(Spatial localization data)
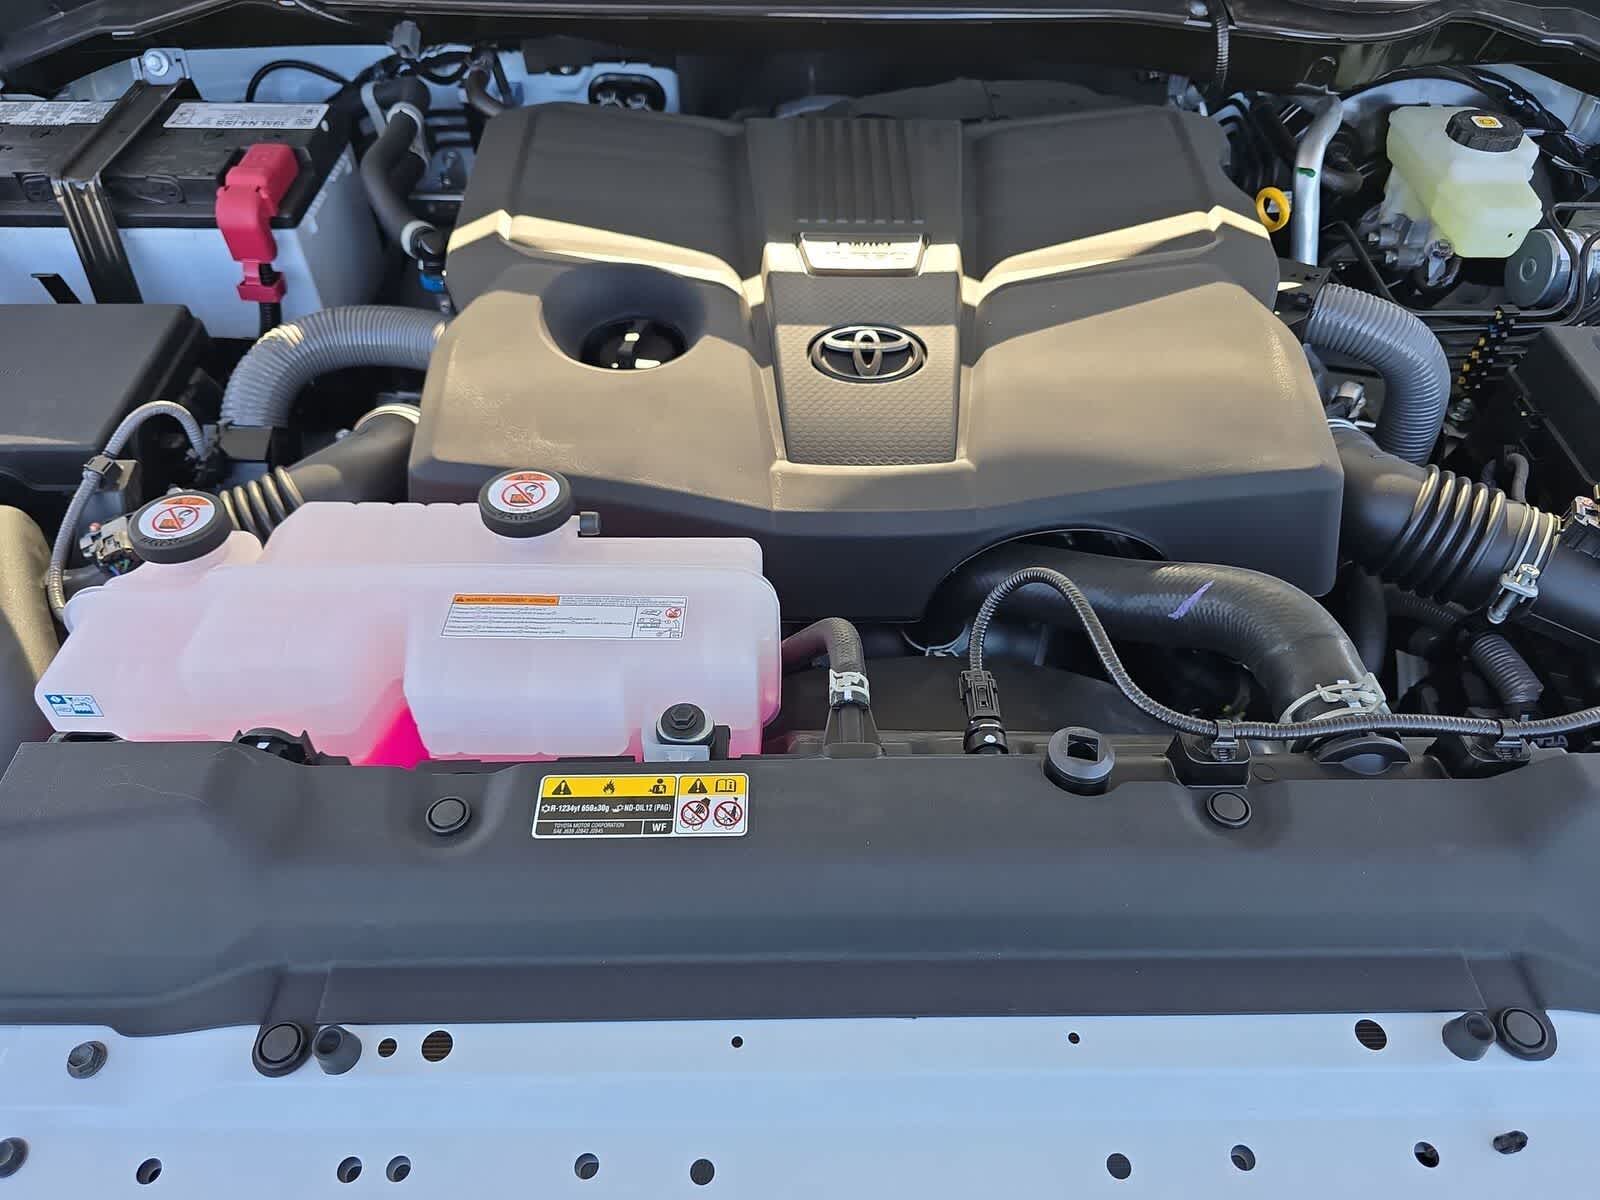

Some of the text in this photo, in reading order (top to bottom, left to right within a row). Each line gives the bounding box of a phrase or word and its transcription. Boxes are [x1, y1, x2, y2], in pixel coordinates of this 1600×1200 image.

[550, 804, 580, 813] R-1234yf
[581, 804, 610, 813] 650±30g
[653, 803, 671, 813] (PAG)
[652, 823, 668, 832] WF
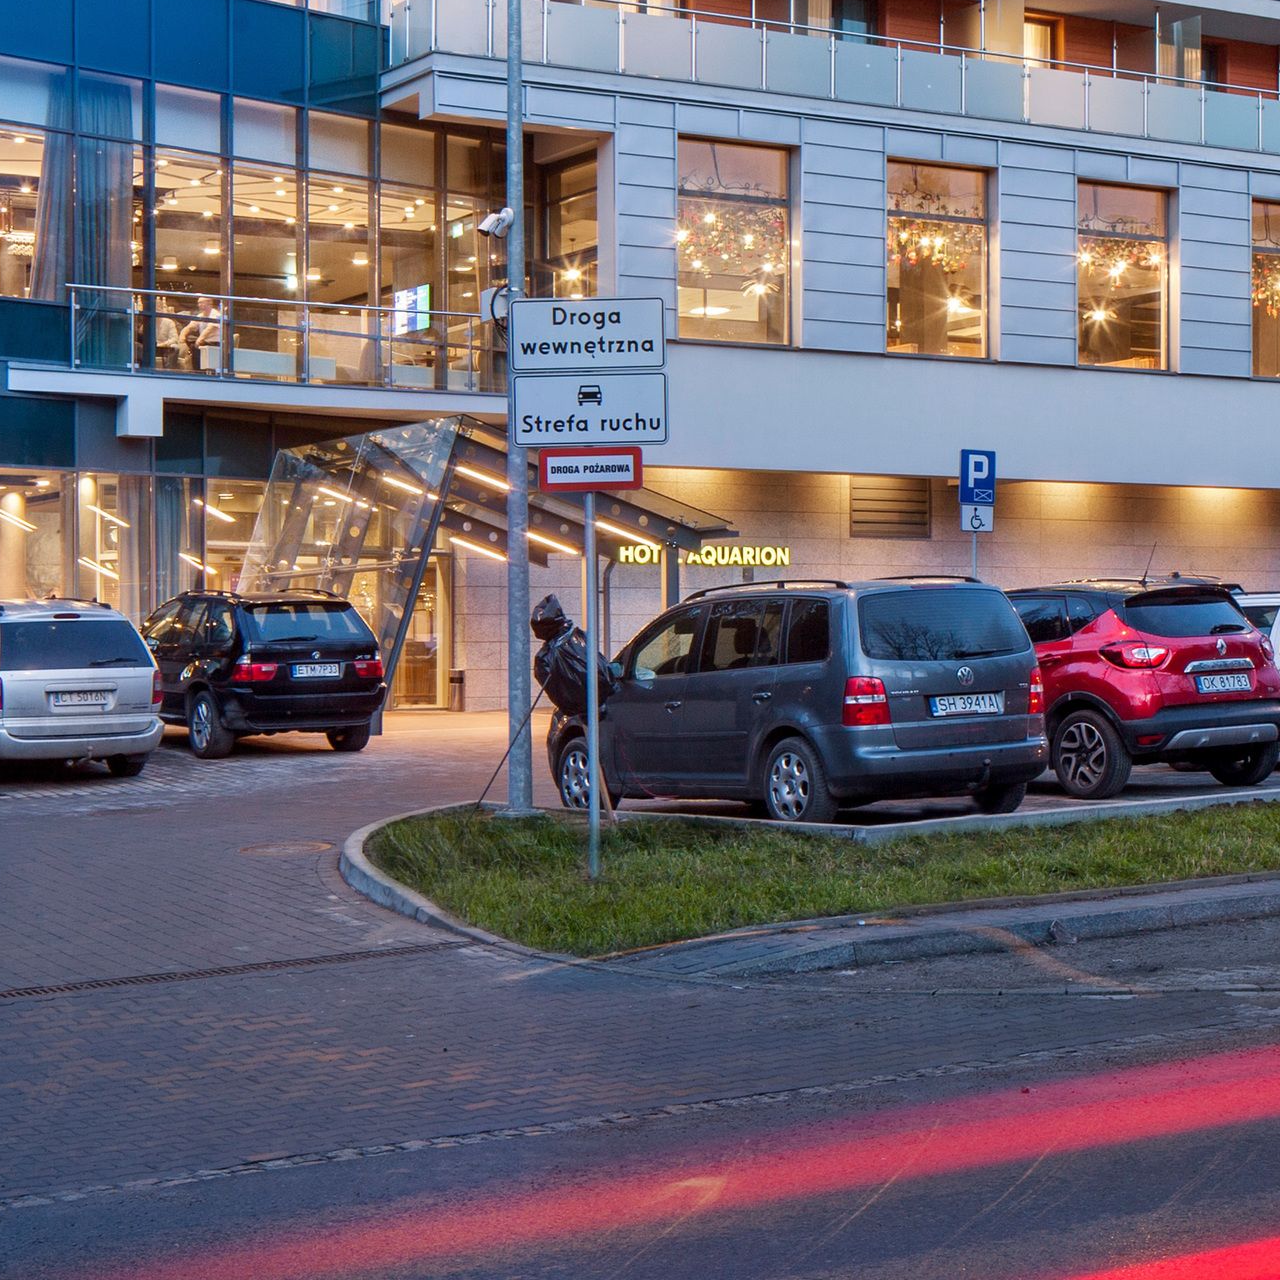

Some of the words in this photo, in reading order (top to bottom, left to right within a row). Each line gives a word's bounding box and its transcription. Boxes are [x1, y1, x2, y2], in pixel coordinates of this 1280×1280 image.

**Instructions to follow:**
In the copy, omit the pictures and reproduce every entry exactly.

**Response below:**
Some of the text in this photo, in reading order (top to bottom, left to right within a row). Each line gives the bounding box of a phrase or word and its transcription. Boxes are [x1, y1, x2, y2], in pixel coordinates of this 1600×1200 image.

[550, 804, 580, 813] R-1234yf
[581, 804, 610, 813] 650±30g
[653, 803, 671, 813] (PAG)
[652, 823, 668, 832] WF

Some of the words in this photo, in reading order (top to bottom, left to right within a row). Each line gives a word's bounding box and its transcription. Boxes are [x1, y1, x2, y2], in pixel coordinates of this 1280×1280 image.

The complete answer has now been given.